Article

Appartient au dossier : Babylon Berlin : la République de Weimar à l’écran

Babylon Berlin #1 : une ambitieuse série allemande

Depuis 2017, la série télévisée Babylon Berlin propose une plongée dans la capitale allemande de la fin des années vingt. Balises se penche sur cette interprétation audiovisuelle de la République de Weimar, en écho aux projections des Trésors du doc de la Cinémathèque du documentaire et aux rendez-vous sur l’Allemagne proposés par la Bpi et le Centre Pompidou au printemps 2022.

Image de la série Babylon Berlin : les deux personnages principaux devant un kiosque à journaux
X Filme/ARD/Sky/Beta Film

Créée par Tom Tykwer, Achim von Borries et Hendrik Handloegten, la série Babylon Berlin est diffusée depuis l’automne 2017 sur la chaîne payante Sky Deutschland puis, un an plus tard, sur la première chaîne de la télévision publique. La série bat des records d’audiences et obtient plusieurs récompenses en Allemagne. Ses droits de diffusion sont vendus dans une centaine de pays, à Netflix pour les États-Unis et à Canal+ pour la France notamment.

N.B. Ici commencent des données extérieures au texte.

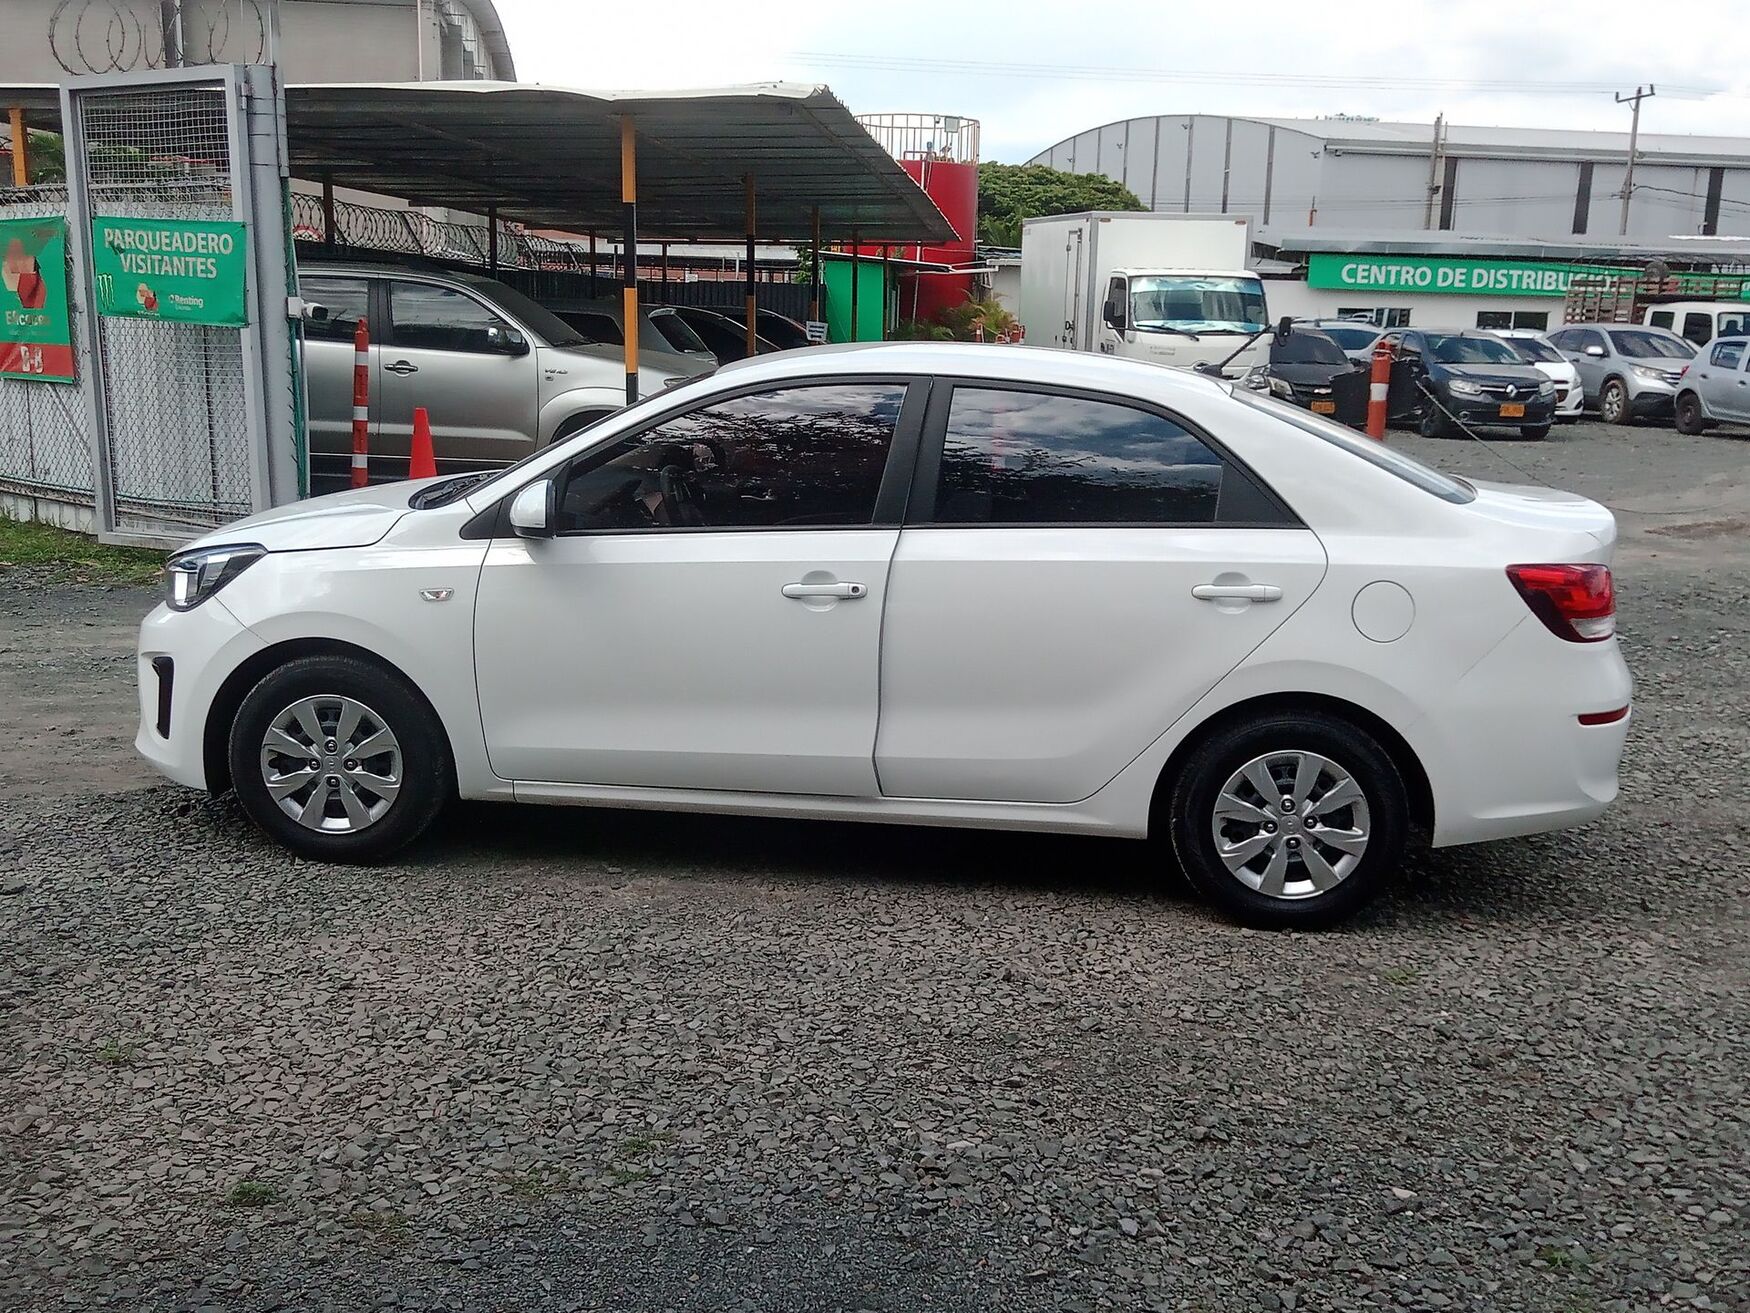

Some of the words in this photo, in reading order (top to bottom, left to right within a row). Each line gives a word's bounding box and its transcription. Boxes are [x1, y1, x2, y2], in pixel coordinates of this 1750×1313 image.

[104, 227, 233, 255] PARQUEADERO
[120, 252, 217, 279] VISITANTES
[1341, 263, 1432, 287] CENTRO
[1437, 267, 1467, 288] DE
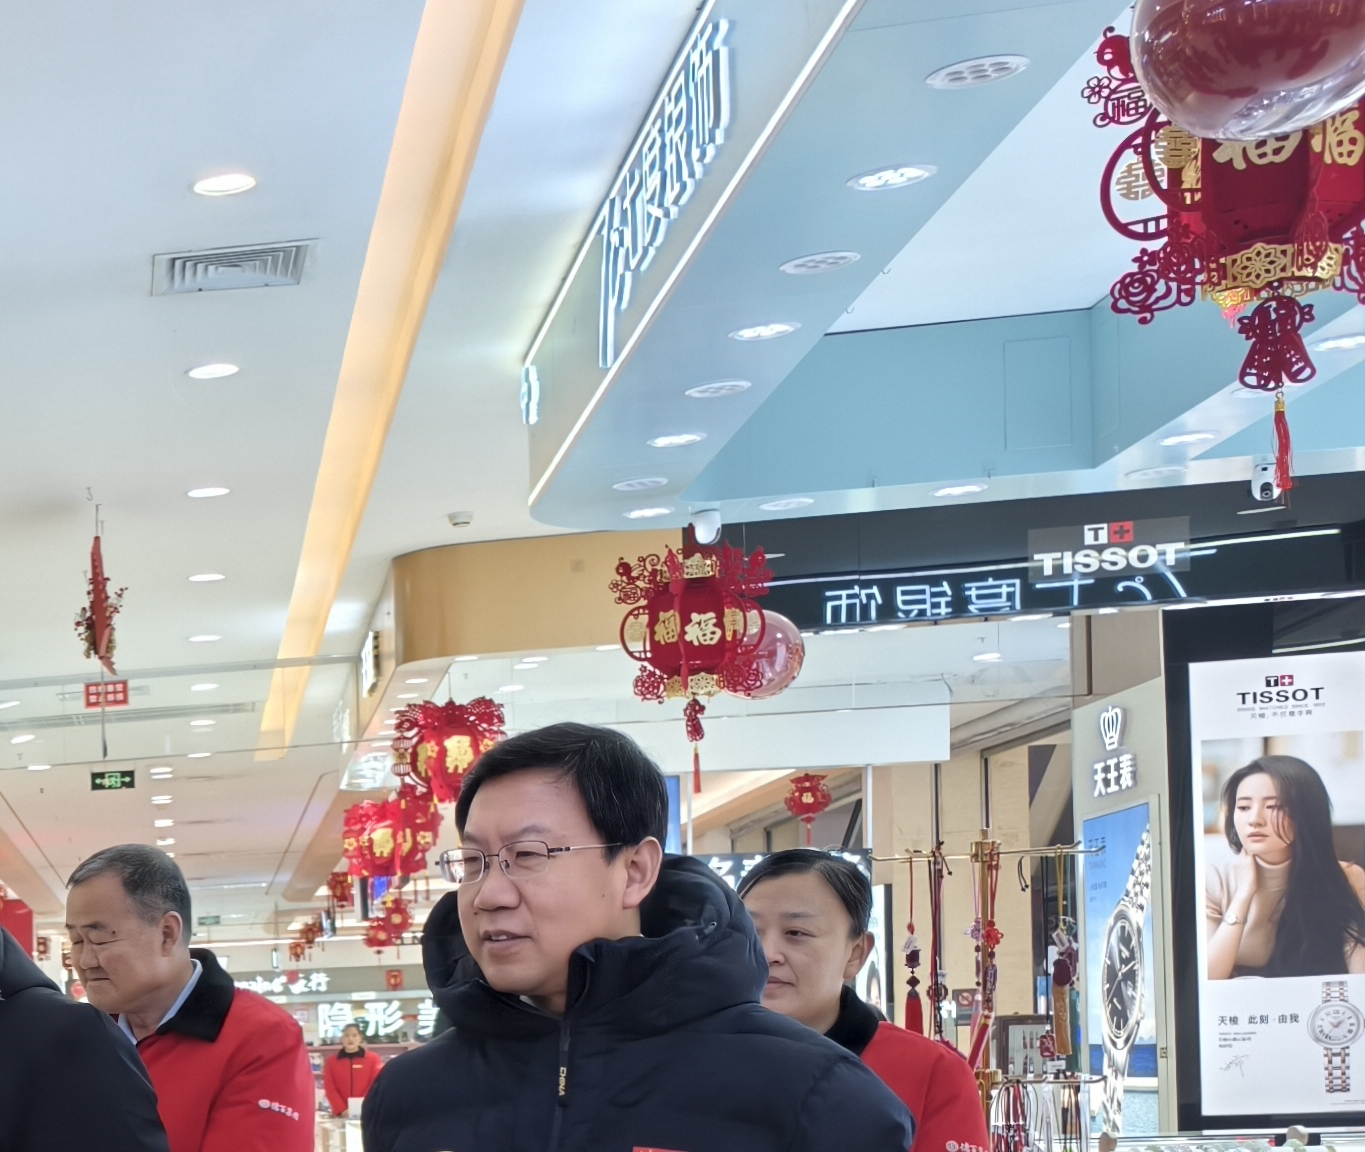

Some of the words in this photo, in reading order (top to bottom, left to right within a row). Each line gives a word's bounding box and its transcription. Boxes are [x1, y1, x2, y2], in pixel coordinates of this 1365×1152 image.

[1033, 542, 1186, 576] TISSOT
[684, 612, 722, 646] 福
[1236, 687, 1325, 705] TISSOT
[1093, 753, 1135, 797] 天王表
[1217, 1015, 1239, 1026] 天梭
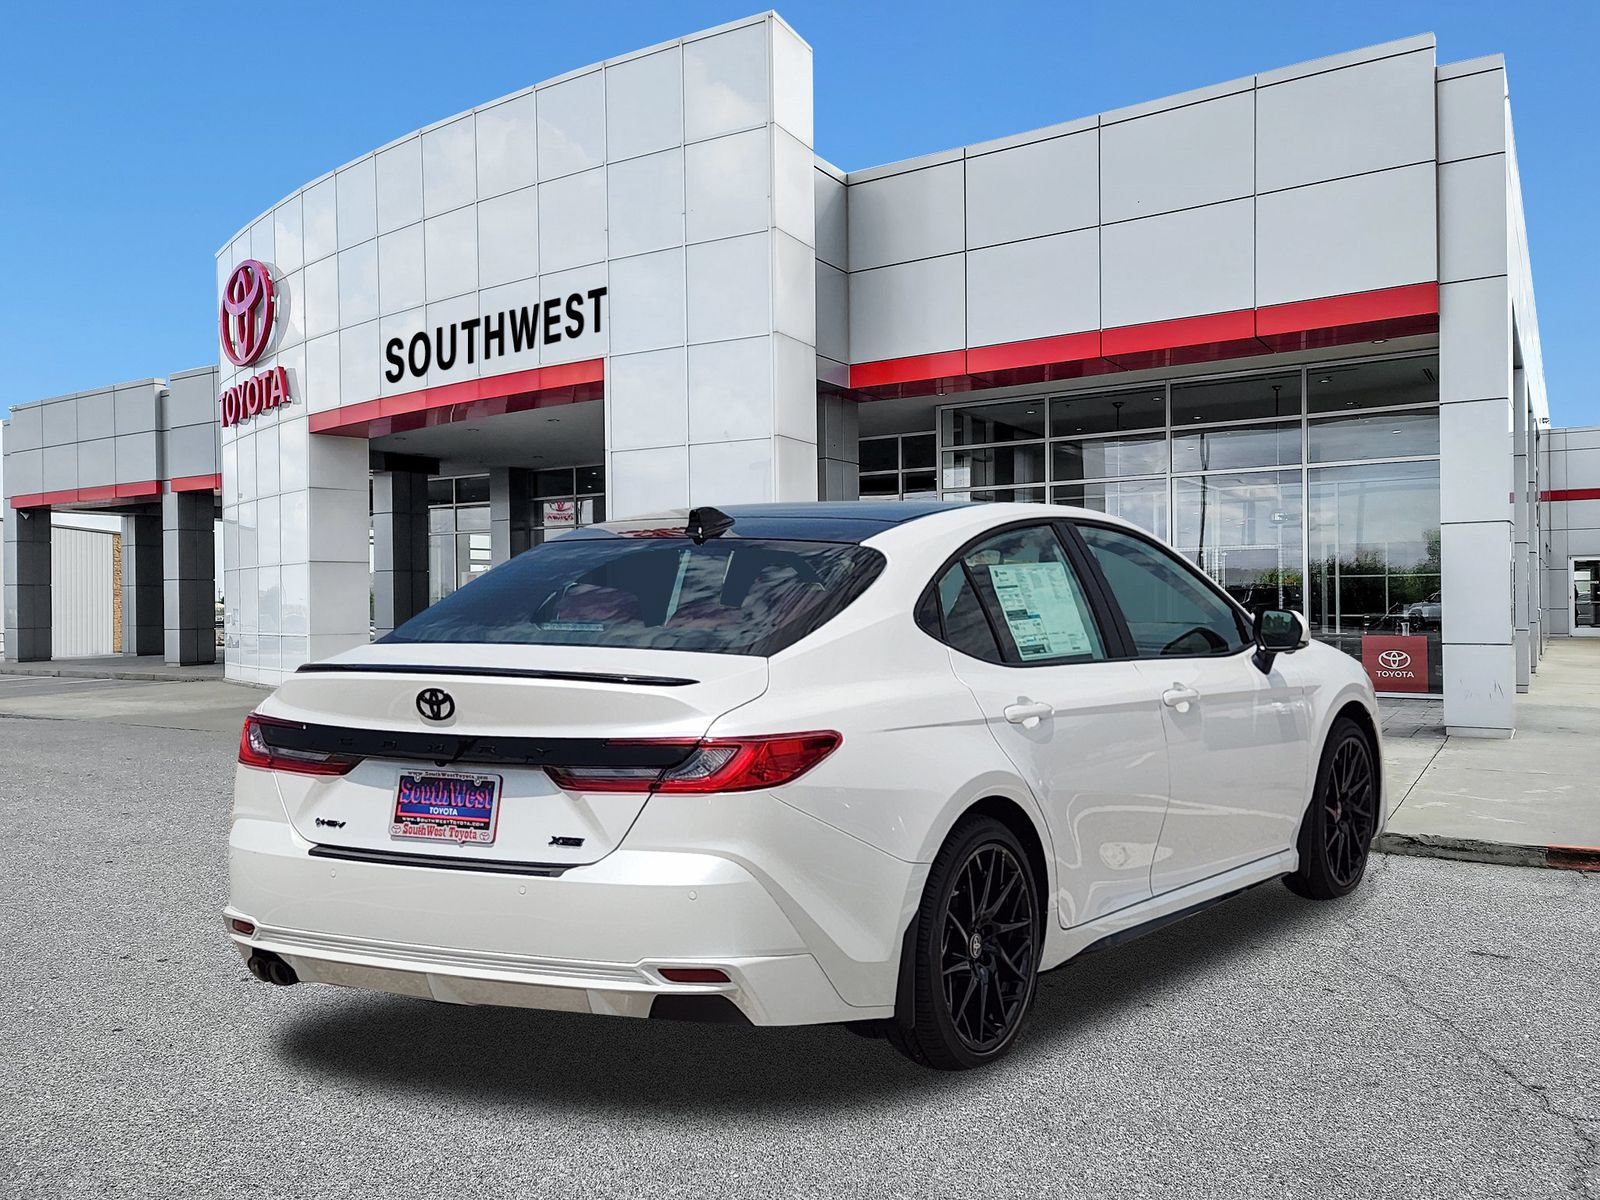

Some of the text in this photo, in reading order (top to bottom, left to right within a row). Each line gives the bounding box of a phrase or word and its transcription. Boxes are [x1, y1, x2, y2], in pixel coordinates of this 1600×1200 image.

[385, 286, 608, 384] SOUTHWEST
[218, 366, 291, 428] TOYOTA
[1376, 670, 1415, 678] TOYOTA
[429, 807, 458, 816] TOYOTA
[402, 823, 477, 841] SouthWest Toyota
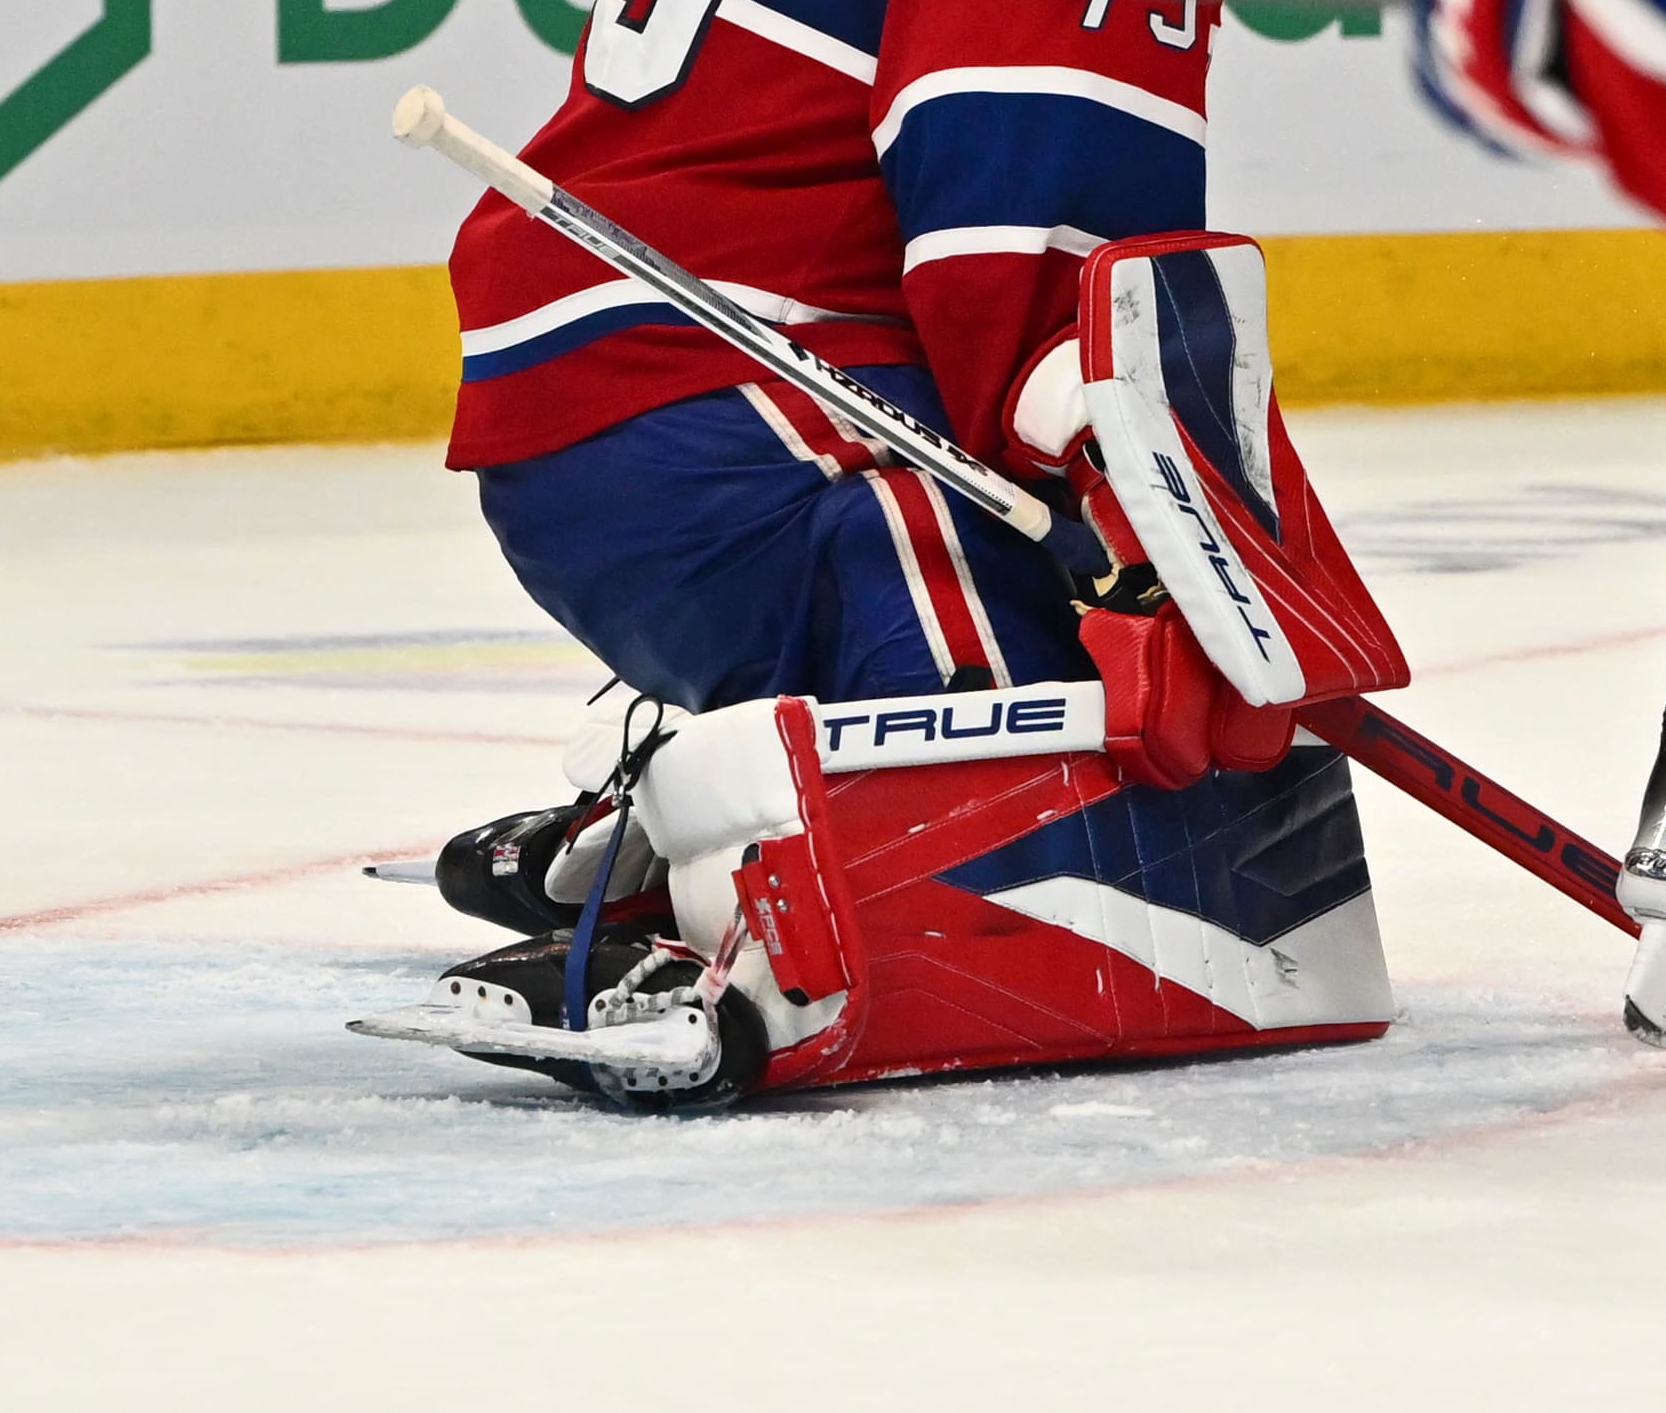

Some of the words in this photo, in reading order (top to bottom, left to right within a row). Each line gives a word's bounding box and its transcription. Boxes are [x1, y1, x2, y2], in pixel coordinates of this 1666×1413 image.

Inspirée des romans policiers de Volker Kutscher, Babylon Berlin s’articule autour de deux protagonistes : Gereon Rath (interprété par Volker Bruch), un policier arrivé de Cologne pour enquêter sur des images pornographiques au cœur d’un chantage politique, et Charlotte Ritter (Liv Lisa Fries), employée de bureau au siège de la police et prostituée occasionnelle, vivant avec sa famille dans un taudis surpeuplé. L’intrigue donne à voir les bas-fonds comme les hautes sphères de la capitale allemande. Ainsi se croisent dirigeants industriels et militaires nostalgiques du Deuxième Reich, rares partisans du nouveau régime républicain, exilés trotskistes complotant contre Staline, communistes allemands aspirant à la révolution, et criminels manipulant à leur profit ces divisions politiques.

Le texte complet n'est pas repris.